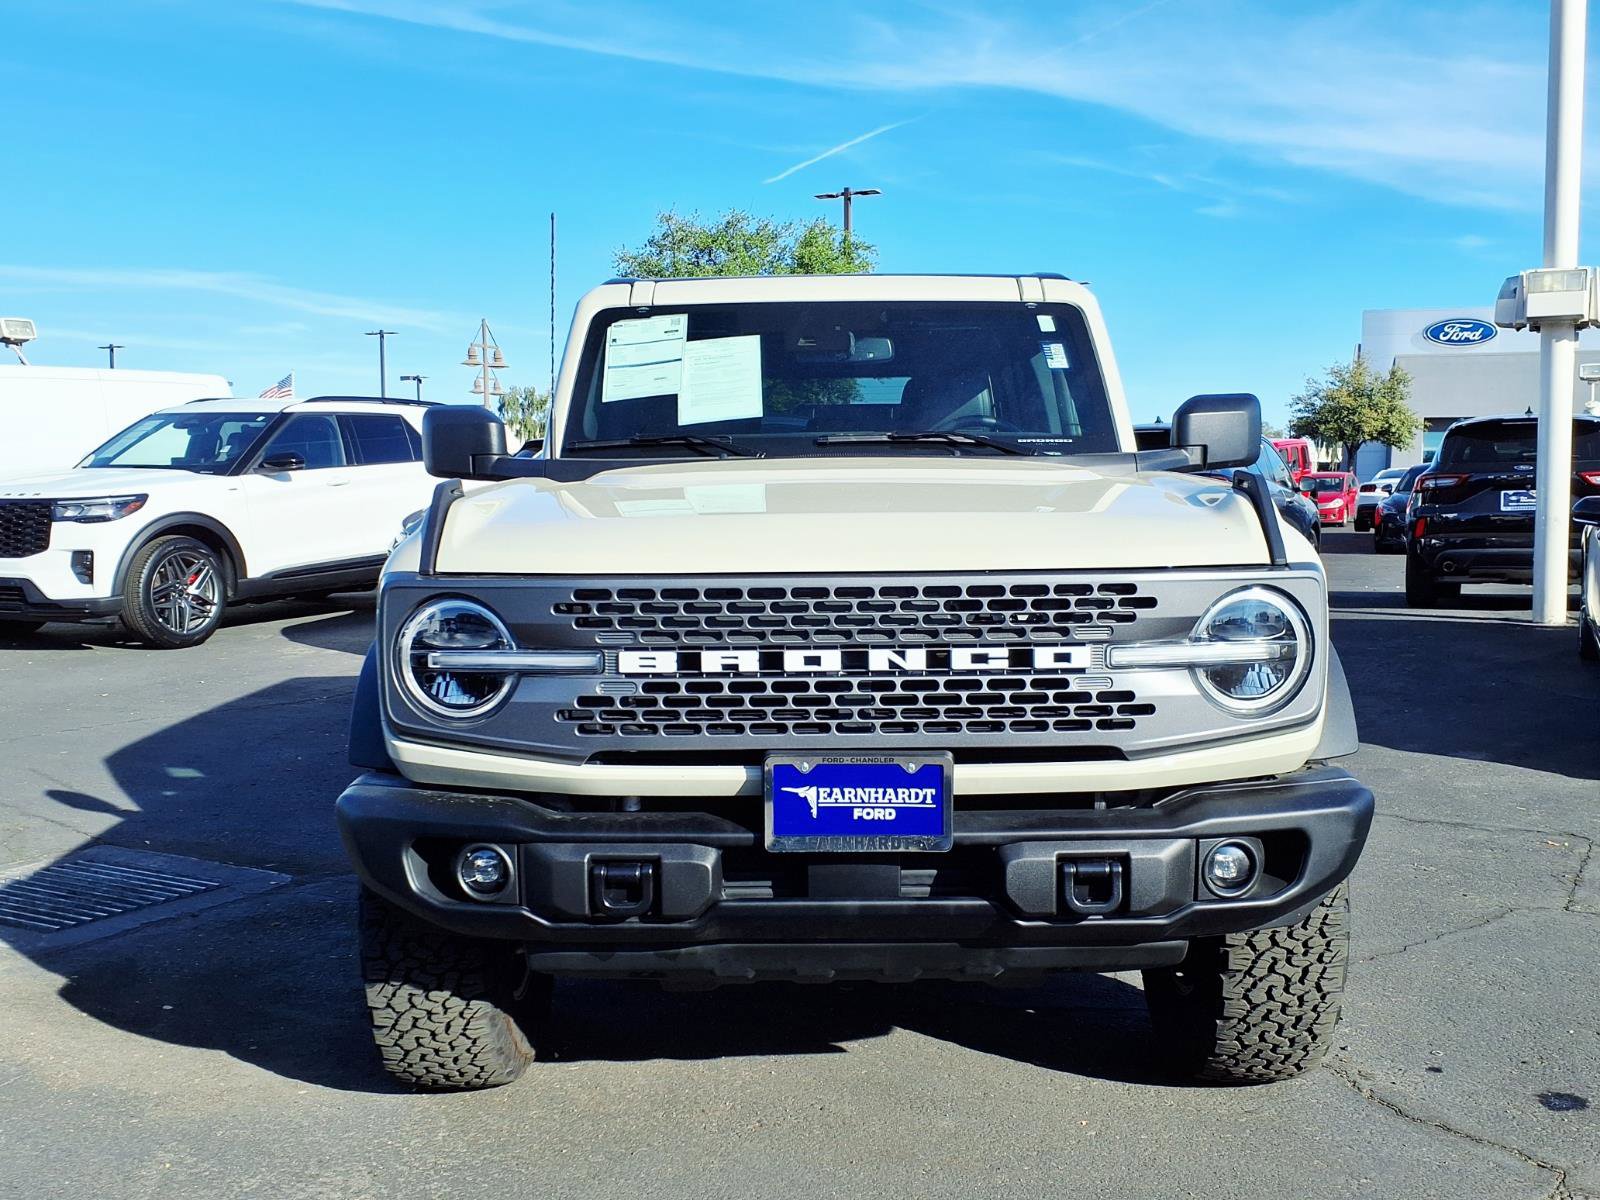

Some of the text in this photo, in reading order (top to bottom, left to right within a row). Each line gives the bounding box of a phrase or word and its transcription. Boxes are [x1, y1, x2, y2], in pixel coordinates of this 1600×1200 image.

[1439, 323, 1485, 341] Ford
[618, 645, 1091, 674] BRONCO
[818, 787, 936, 803] EARNHARDT
[853, 808, 896, 820] FORD
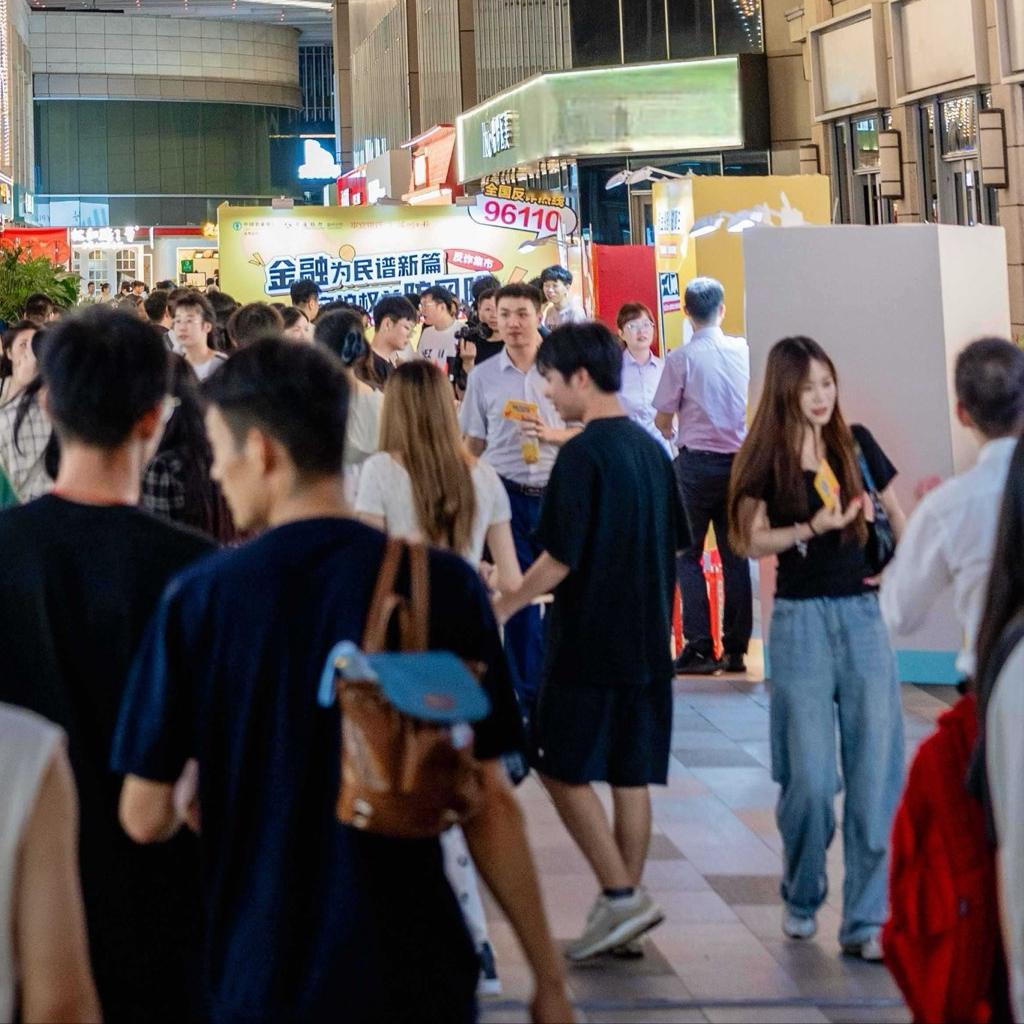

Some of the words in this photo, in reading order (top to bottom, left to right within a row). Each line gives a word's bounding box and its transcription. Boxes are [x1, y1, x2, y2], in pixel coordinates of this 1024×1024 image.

[484, 201, 560, 232] 96110
[268, 252, 442, 291] 金融为民谱新篇

══════

Work order. Your output should be an exact transcription of the line that holds "Some of the words" and each line after it through the end of the listing above.

Your solution.
Some of the words in this photo, in reading order (top to bottom, left to right within a row). Each line gives a word's bounding box and its transcription. Boxes are [x1, y1, x2, y2], in pixel coordinates of this 1024×1024 image.

[484, 201, 560, 232] 96110
[268, 252, 442, 291] 金融为民谱新篇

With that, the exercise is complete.